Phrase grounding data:

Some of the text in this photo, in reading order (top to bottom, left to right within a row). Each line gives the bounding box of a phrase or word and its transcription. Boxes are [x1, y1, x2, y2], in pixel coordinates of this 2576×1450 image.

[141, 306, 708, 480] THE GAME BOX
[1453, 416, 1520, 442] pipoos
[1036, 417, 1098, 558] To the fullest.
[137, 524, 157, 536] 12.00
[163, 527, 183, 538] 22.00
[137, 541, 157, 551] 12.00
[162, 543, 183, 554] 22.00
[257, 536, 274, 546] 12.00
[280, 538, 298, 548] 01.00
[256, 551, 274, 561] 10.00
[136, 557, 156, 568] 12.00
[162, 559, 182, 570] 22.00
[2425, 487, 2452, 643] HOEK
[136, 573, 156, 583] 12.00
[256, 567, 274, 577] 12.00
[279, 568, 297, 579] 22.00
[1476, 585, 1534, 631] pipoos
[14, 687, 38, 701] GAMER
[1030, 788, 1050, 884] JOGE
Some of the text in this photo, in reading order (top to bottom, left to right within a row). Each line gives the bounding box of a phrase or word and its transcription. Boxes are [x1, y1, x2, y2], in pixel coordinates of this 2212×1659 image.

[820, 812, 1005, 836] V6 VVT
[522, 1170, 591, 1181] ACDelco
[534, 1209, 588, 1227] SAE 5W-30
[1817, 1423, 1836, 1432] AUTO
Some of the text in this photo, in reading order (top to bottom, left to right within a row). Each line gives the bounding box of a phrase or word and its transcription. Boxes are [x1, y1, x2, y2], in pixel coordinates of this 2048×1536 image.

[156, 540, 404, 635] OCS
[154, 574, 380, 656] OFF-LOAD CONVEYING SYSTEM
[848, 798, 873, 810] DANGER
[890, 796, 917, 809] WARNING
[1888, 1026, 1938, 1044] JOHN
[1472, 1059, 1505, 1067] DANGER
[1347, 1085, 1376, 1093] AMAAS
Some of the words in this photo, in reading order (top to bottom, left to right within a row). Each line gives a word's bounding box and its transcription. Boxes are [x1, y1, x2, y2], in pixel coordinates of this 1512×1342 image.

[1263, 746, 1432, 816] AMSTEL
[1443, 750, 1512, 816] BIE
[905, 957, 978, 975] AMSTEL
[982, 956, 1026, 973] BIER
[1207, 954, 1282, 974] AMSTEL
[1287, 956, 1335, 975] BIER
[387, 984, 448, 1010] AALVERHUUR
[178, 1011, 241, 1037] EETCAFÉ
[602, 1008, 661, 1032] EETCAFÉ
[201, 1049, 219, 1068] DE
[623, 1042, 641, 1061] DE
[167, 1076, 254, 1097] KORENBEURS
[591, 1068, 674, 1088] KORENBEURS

PROBLEM TO WORK ON: Give all of the lines above again, exactly as they are.

RESPONSE:
Some of the text in this photo, in reading order (top to bottom, left to right within a row). Each line gives the bounding box of a phrase or word and its transcription. Boxes are [x1, y1, x2, y2], in pixel coordinates of this 2576×1450 image.

[141, 306, 708, 480] THE GAME BOX
[1453, 416, 1520, 442] pipoos
[1036, 417, 1098, 558] To the fullest.
[137, 524, 157, 536] 12.00
[163, 527, 183, 538] 22.00
[137, 541, 157, 551] 12.00
[162, 543, 183, 554] 22.00
[257, 536, 274, 546] 12.00
[280, 538, 298, 548] 01.00
[256, 551, 274, 561] 10.00
[136, 557, 156, 568] 12.00
[162, 559, 182, 570] 22.00
[2425, 487, 2452, 643] HOEK
[136, 573, 156, 583] 12.00
[256, 567, 274, 577] 12.00
[279, 568, 297, 579] 22.00
[1476, 585, 1534, 631] pipoos
[14, 687, 38, 701] GAMER
[1030, 788, 1050, 884] JOGE
Some of the text in this photo, in reading order (top to bottom, left to right within a row). Each line gives the bounding box of a phrase or word and its transcription. Boxes are [x1, y1, x2, y2], in pixel coordinates of this 2212×1659 image.

[820, 812, 1005, 836] V6 VVT
[522, 1170, 591, 1181] ACDelco
[534, 1209, 588, 1227] SAE 5W-30
[1817, 1423, 1836, 1432] AUTO
Some of the text in this photo, in reading order (top to bottom, left to right within a row). Each line gives the bounding box of a phrase or word and its transcription. Boxes are [x1, y1, x2, y2], in pixel coordinates of this 2048×1536 image.

[156, 540, 404, 635] OCS
[154, 574, 380, 656] OFF-LOAD CONVEYING SYSTEM
[848, 798, 873, 810] DANGER
[890, 796, 917, 809] WARNING
[1888, 1026, 1938, 1044] JOHN
[1472, 1059, 1505, 1067] DANGER
[1347, 1085, 1376, 1093] AMAAS
Some of the words in this photo, in reading order (top to bottom, left to right within a row). Each line gives a word's bounding box and its transcription. Boxes are [x1, y1, x2, y2], in pixel coordinates of this 1512×1342 image.

[1263, 746, 1432, 816] AMSTEL
[1443, 750, 1512, 816] BIE
[905, 957, 978, 975] AMSTEL
[982, 956, 1026, 973] BIER
[1207, 954, 1282, 974] AMSTEL
[1287, 956, 1335, 975] BIER
[387, 984, 448, 1010] AALVERHUUR
[178, 1011, 241, 1037] EETCAFÉ
[602, 1008, 661, 1032] EETCAFÉ
[201, 1049, 219, 1068] DE
[623, 1042, 641, 1061] DE
[167, 1076, 254, 1097] KORENBEURS
[591, 1068, 674, 1088] KORENBEURS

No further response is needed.